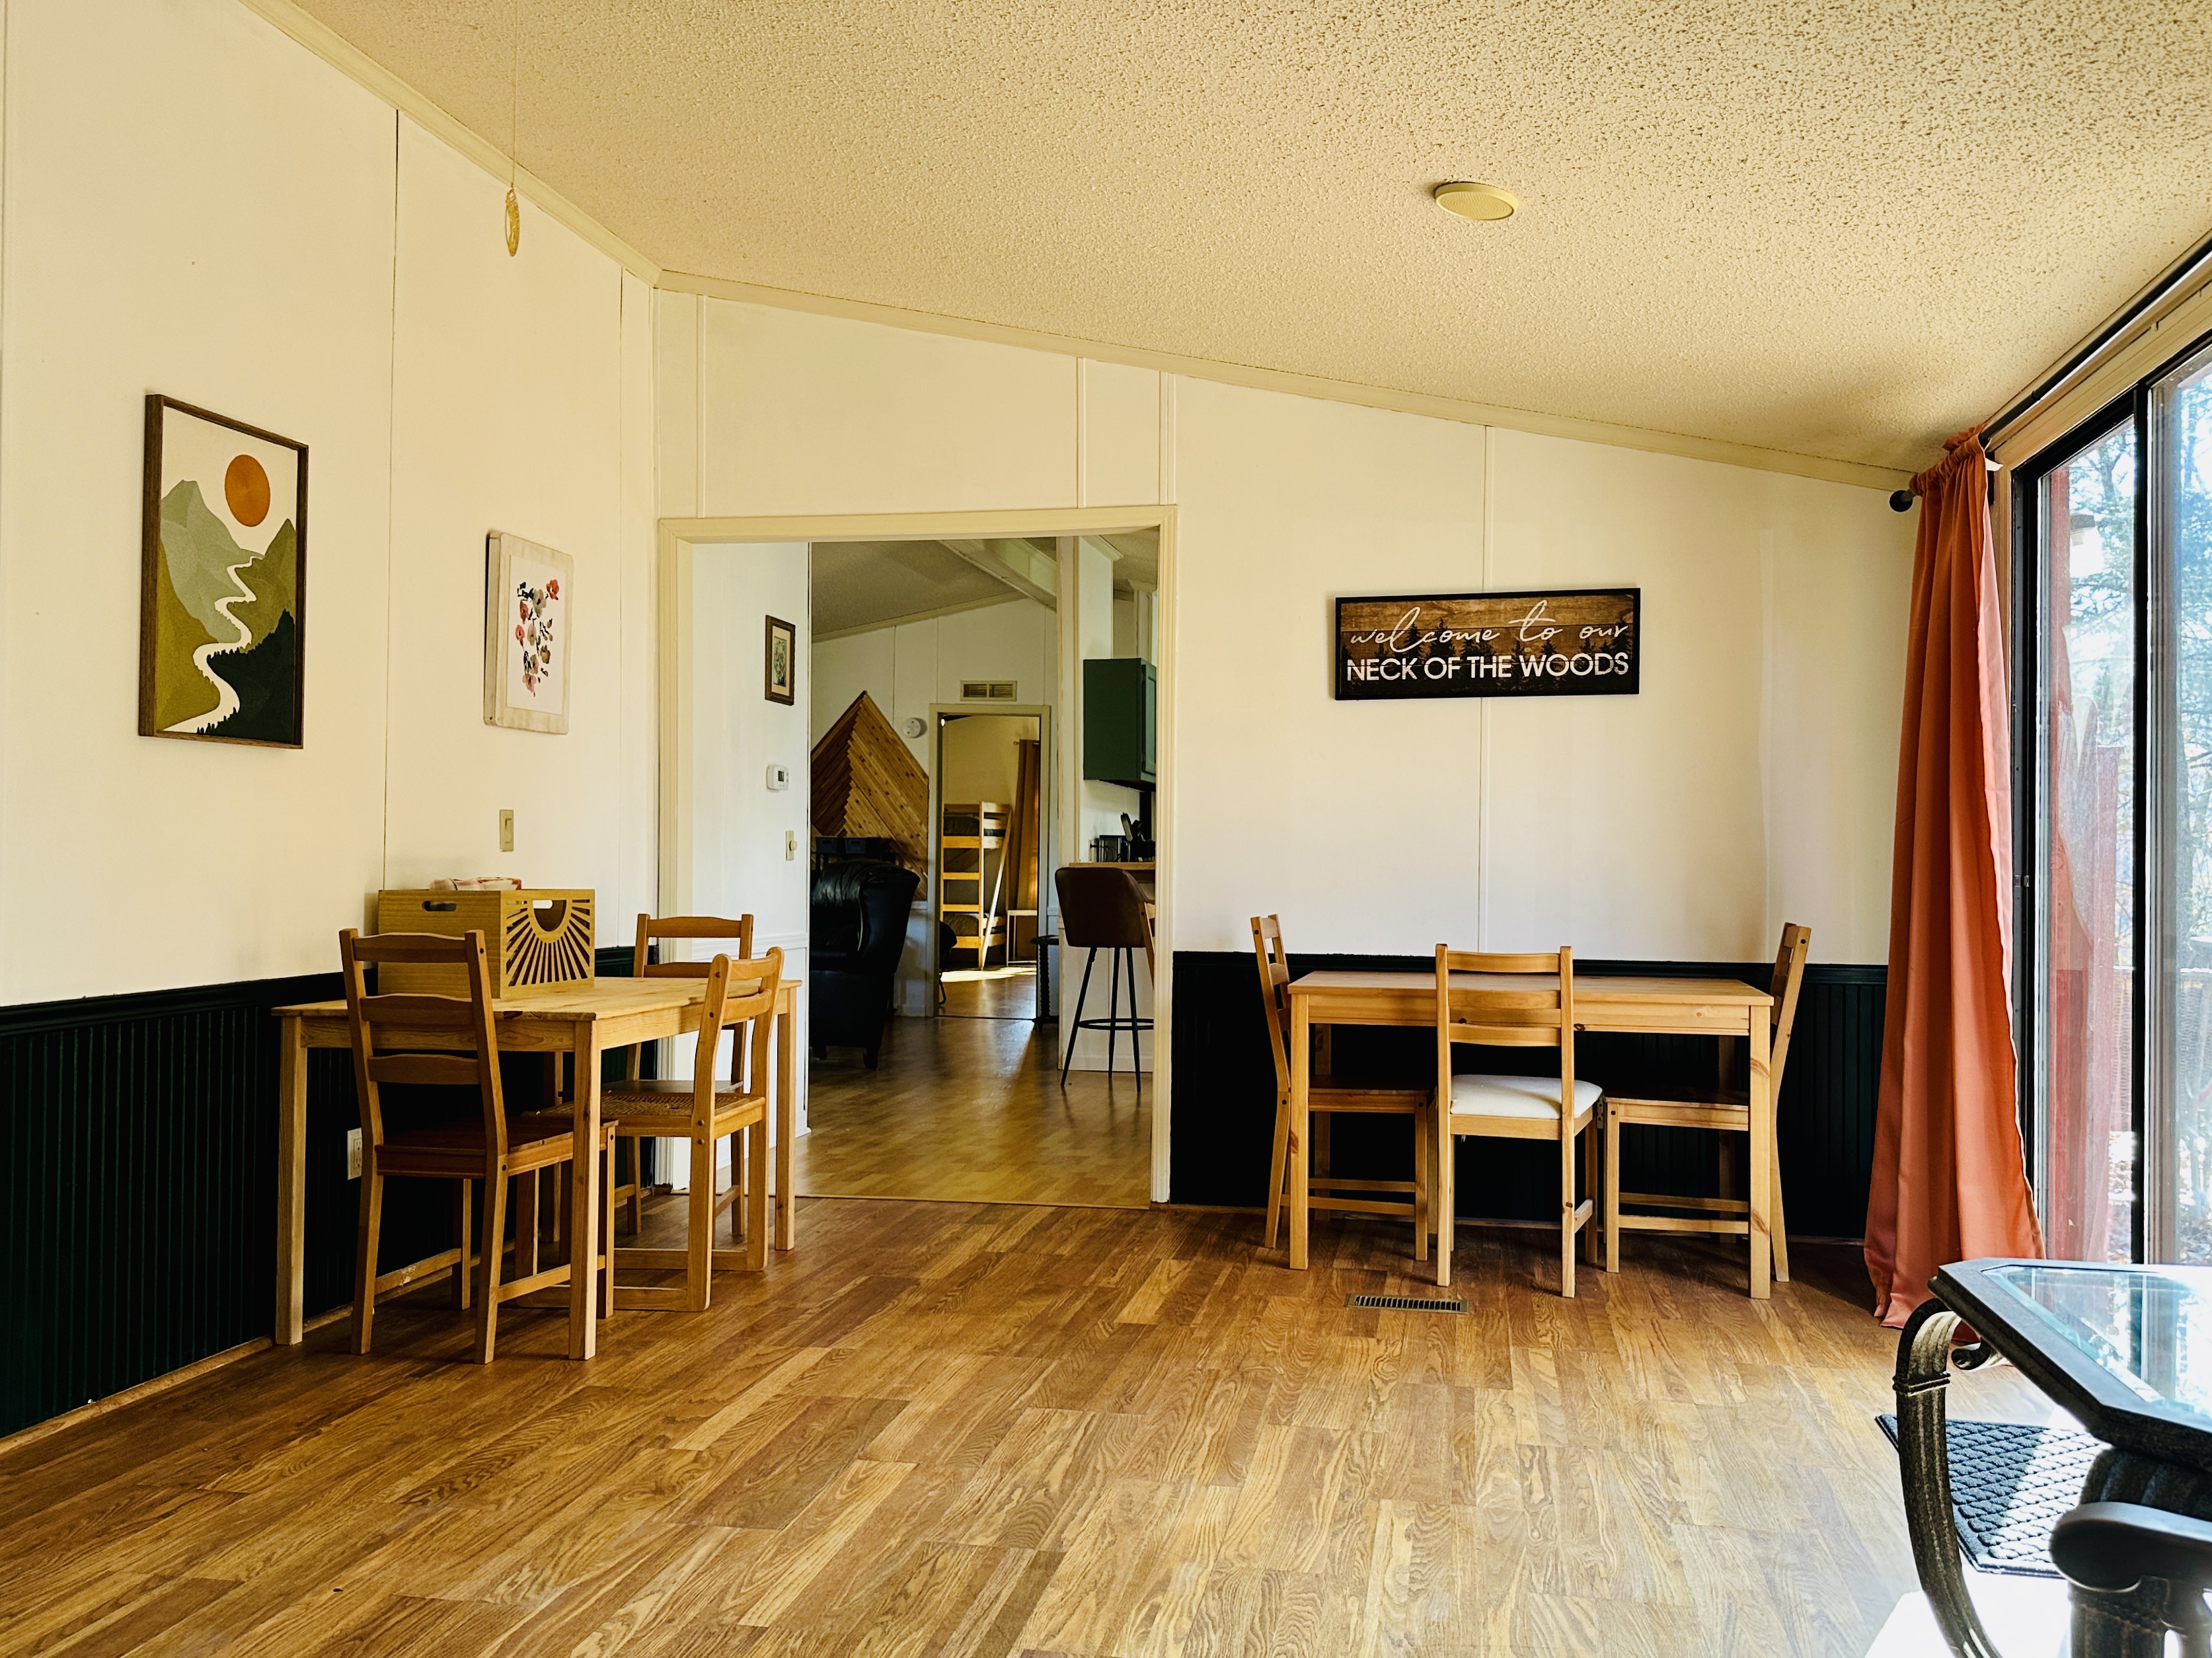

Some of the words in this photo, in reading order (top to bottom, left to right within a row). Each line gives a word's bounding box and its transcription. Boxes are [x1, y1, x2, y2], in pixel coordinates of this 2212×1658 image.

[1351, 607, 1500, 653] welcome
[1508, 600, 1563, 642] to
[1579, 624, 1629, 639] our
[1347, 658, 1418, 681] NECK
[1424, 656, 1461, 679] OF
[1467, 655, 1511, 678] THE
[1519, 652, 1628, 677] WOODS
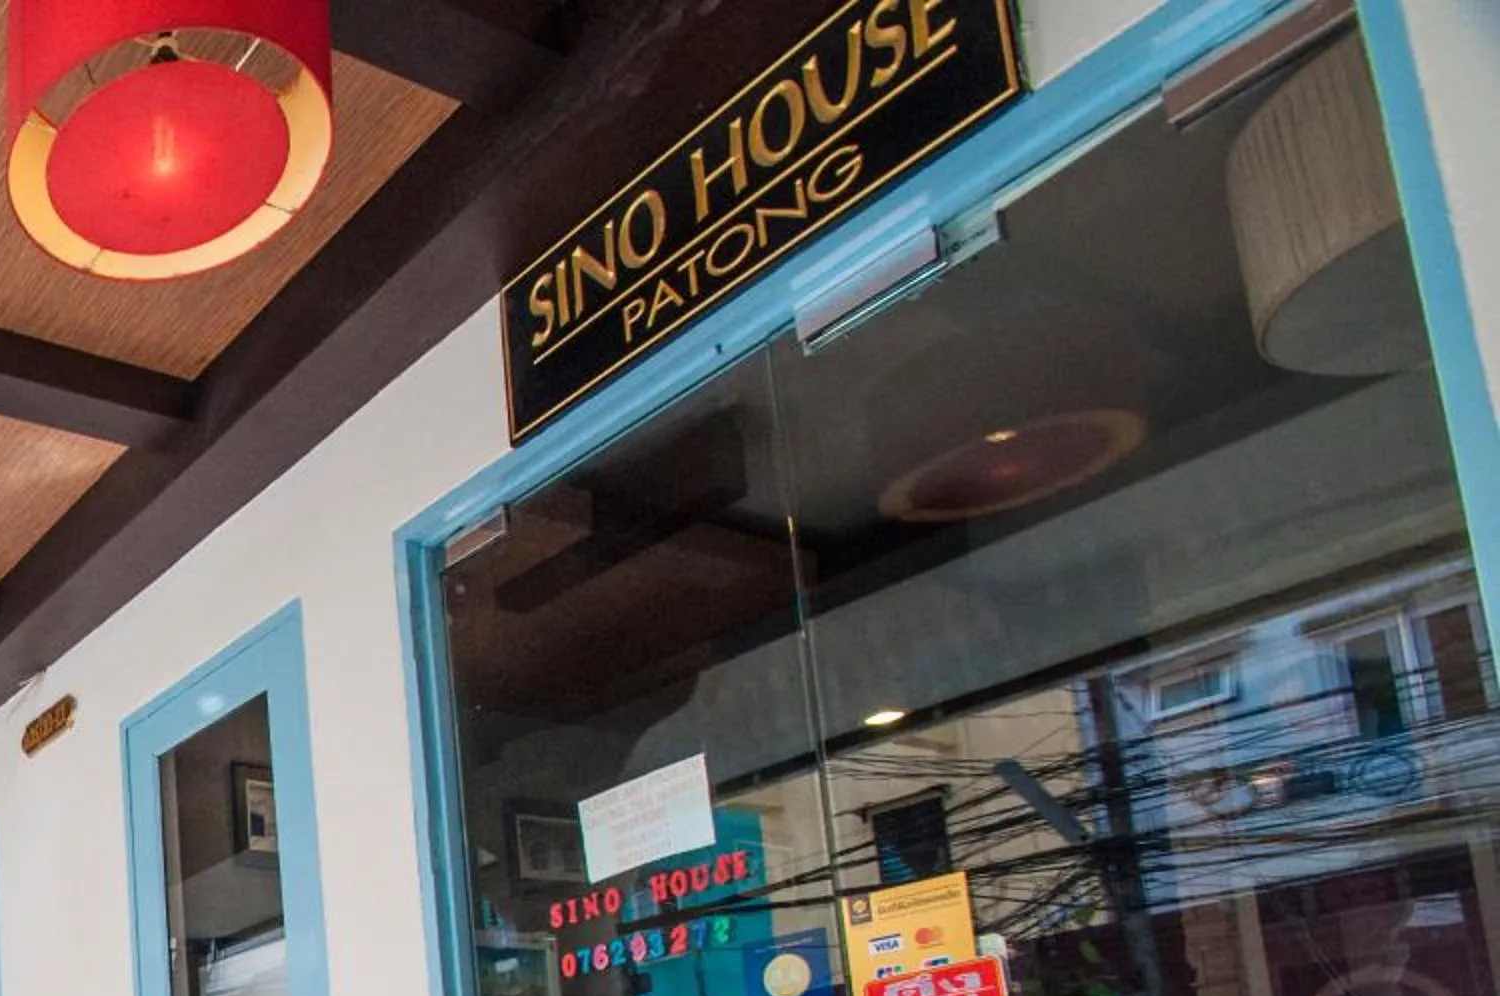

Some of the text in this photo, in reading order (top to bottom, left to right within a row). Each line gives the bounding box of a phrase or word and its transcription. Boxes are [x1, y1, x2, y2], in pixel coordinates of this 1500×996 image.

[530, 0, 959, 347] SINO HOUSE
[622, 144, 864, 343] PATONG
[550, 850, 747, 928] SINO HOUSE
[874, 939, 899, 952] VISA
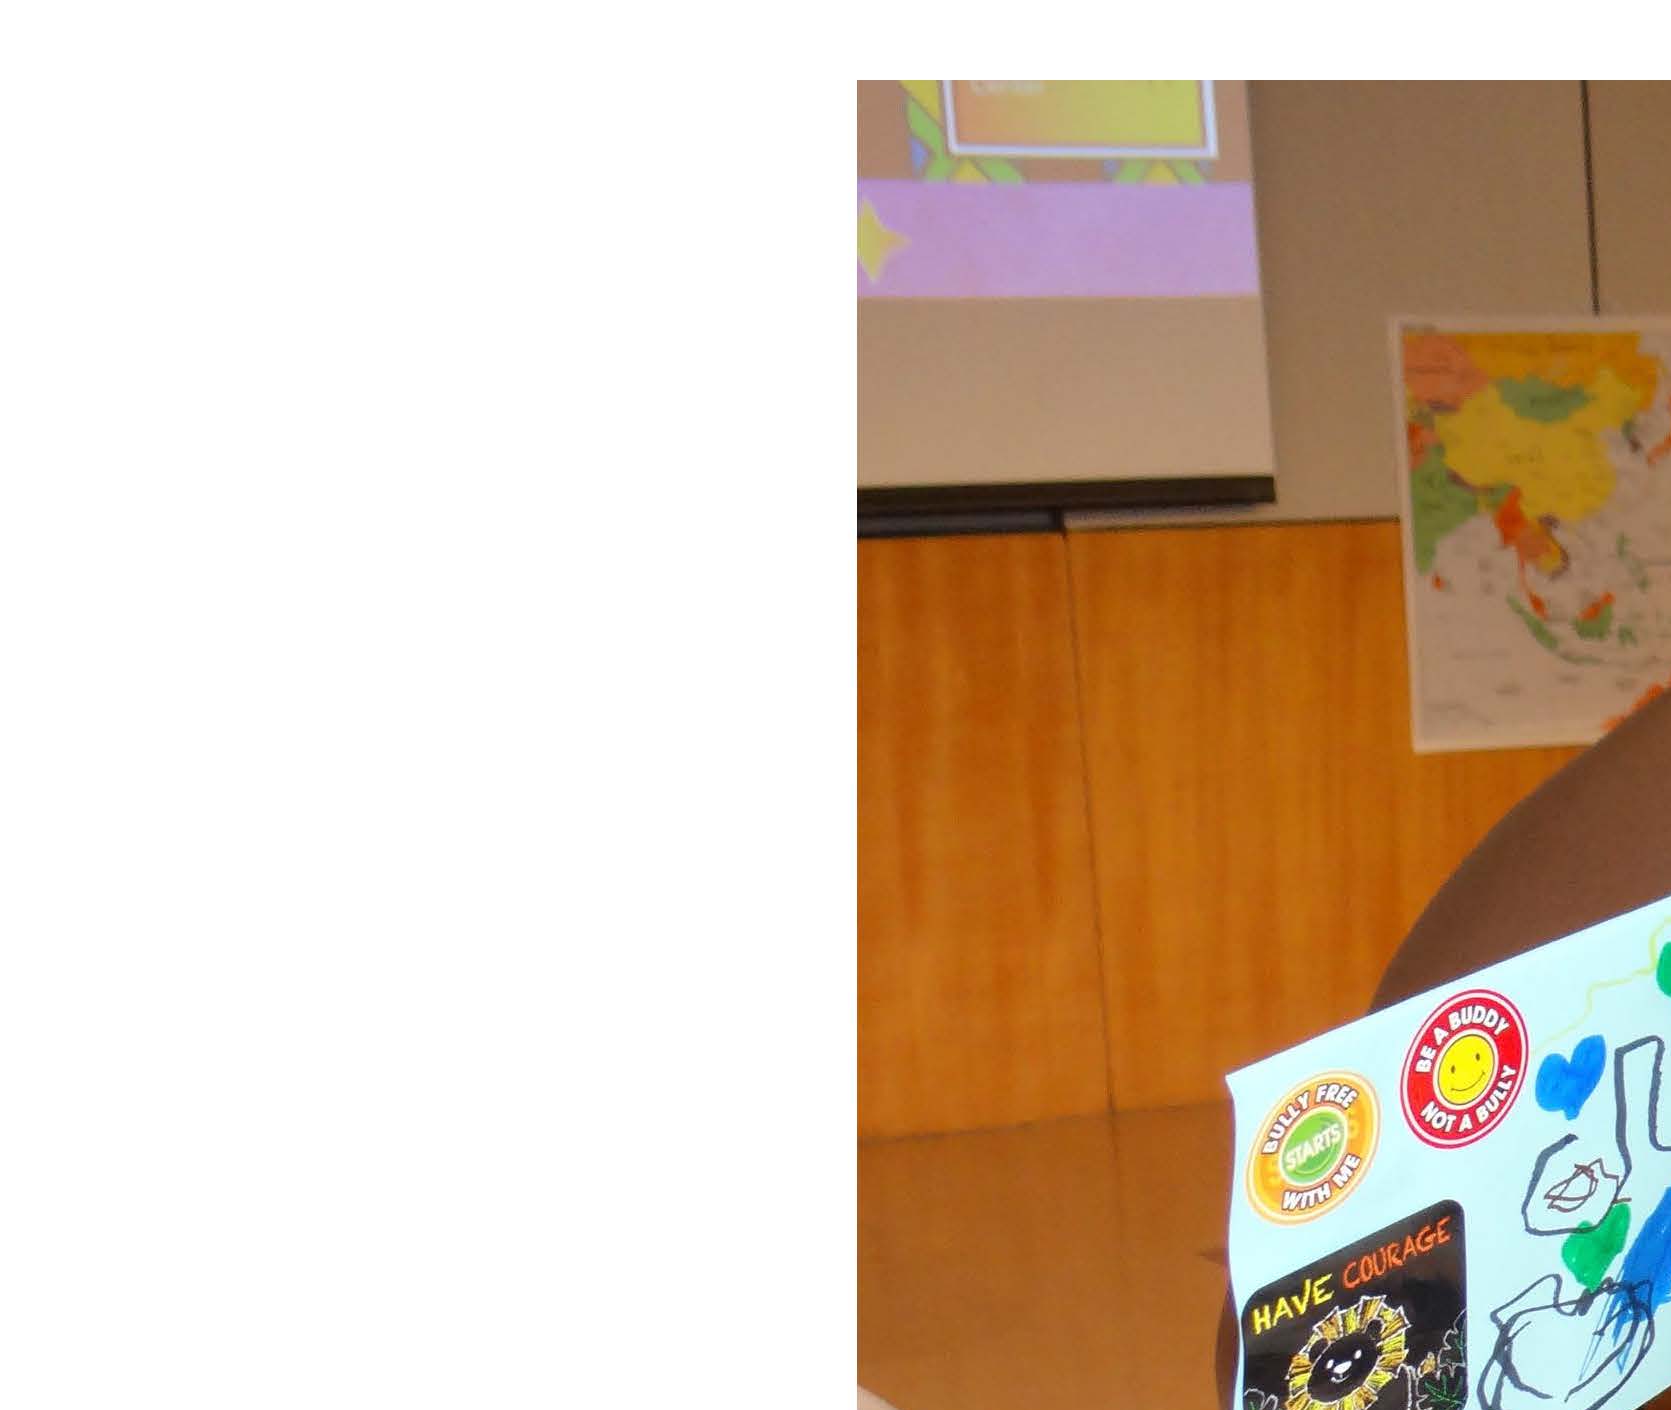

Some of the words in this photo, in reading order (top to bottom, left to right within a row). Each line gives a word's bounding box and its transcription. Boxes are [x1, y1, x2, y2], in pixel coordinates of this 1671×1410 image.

▬▬▬▬▬▬

| Task prompt |
Make an exact copy of the listing above. Its pictures are not needed.

| Solution |
Some of the words in this photo, in reading order (top to bottom, left to right within a row). Each line gives a word's bounding box and its transcription. Boxes are [x1, y1, x2, y2], in pixel coordinates of this 2212×1658 image.

[1351, 607, 1500, 653] welcome
[1508, 600, 1563, 642] to
[1579, 624, 1629, 639] our
[1347, 658, 1418, 681] NECK
[1424, 656, 1461, 679] OF
[1467, 655, 1511, 678] THE
[1519, 652, 1628, 677] WOODS

Some of the text in this photo, in reading order (top to bottom, left to right within a row). Each line gives the bounding box of a phrase or word and its transcription. Boxes are [x1, y1, x2, y2], in pixel coordinates of this 1500×996 image.

[530, 0, 959, 347] SINO HOUSE
[622, 144, 864, 343] PATONG
[550, 850, 747, 928] SINO HOUSE
[874, 939, 899, 952] VISA

Some of the words in this photo, in reading order (top to bottom, left to right within a row). Each line gives a word's bounding box and its transcription. Boxes are [x1, y1, x2, y2], in pixel coordinates of this 1671×1410 image.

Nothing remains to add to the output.